What is needed -> For this exercise, reproduce each entry below exactly, excluding pictures.

Study material ->
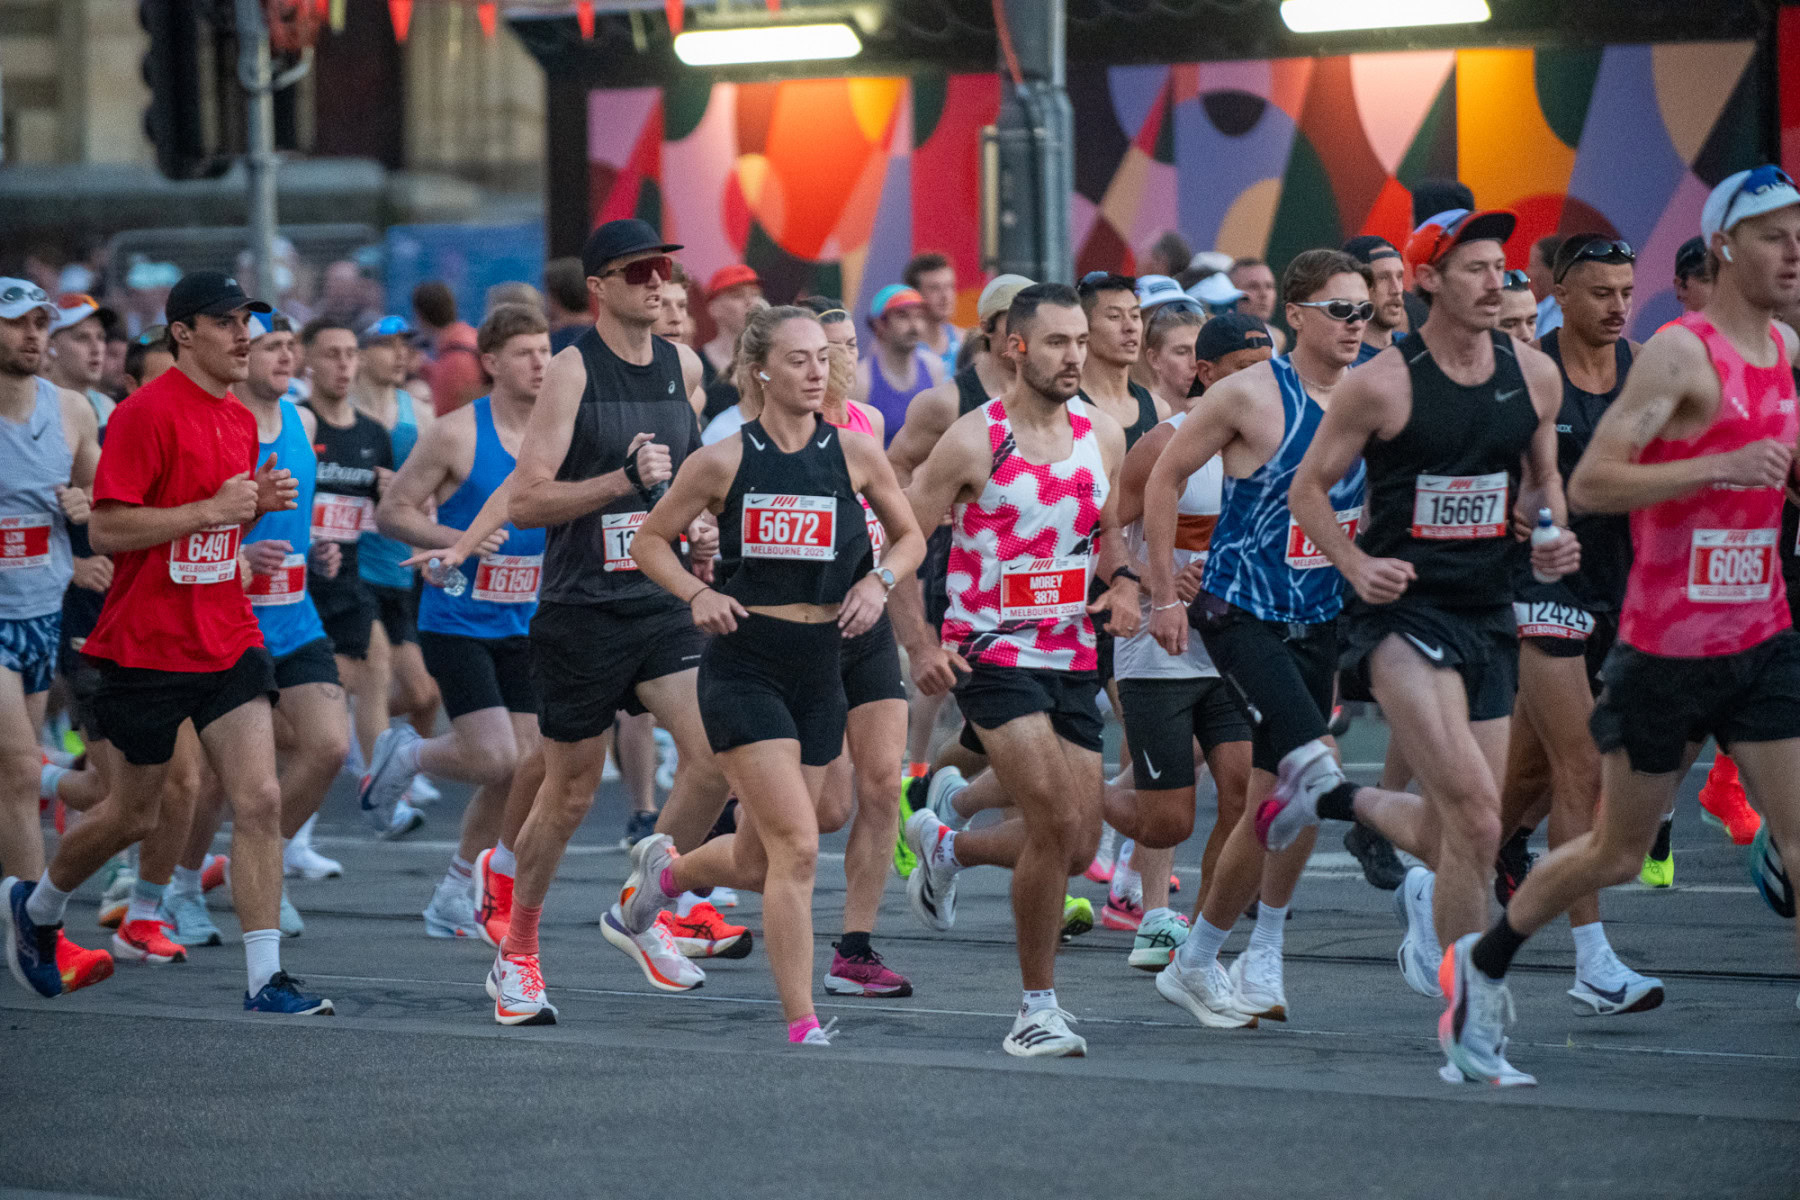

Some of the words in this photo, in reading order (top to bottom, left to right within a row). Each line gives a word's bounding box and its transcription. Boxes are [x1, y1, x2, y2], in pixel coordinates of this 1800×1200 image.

[1430, 494, 1498, 525] 15667
[758, 511, 819, 544] 5672
[188, 532, 231, 561] 6491
[750, 545, 802, 556] MELBOURNE
[804, 547, 825, 557] 2025
[178, 563, 218, 573] MELBOURNE
[1709, 548, 1765, 584] 6085
[488, 567, 534, 592] 16150
[1029, 574, 1064, 590] MOREY
[1034, 590, 1060, 605] 3879
[1009, 606, 1059, 617] MELBOURNE
[1061, 604, 1080, 614] 2025
[1527, 601, 1588, 630] 12424
[1522, 625, 1568, 637] MELBOURNE

Result of the exercise ->
Some of the words in this photo, in reading order (top to bottom, left to right within a row). Each line gives a word's bounding box and its transcription. Boxes are [x1, y1, x2, y2], in pixel coordinates of this 1800×1200 image.

[1430, 494, 1498, 525] 15667
[758, 511, 819, 544] 5672
[188, 532, 231, 561] 6491
[750, 545, 802, 556] MELBOURNE
[804, 547, 825, 557] 2025
[178, 563, 218, 573] MELBOURNE
[1709, 548, 1765, 584] 6085
[488, 567, 534, 592] 16150
[1029, 574, 1064, 590] MOREY
[1034, 590, 1060, 605] 3879
[1009, 606, 1059, 617] MELBOURNE
[1061, 604, 1080, 614] 2025
[1527, 601, 1588, 630] 12424
[1522, 625, 1568, 637] MELBOURNE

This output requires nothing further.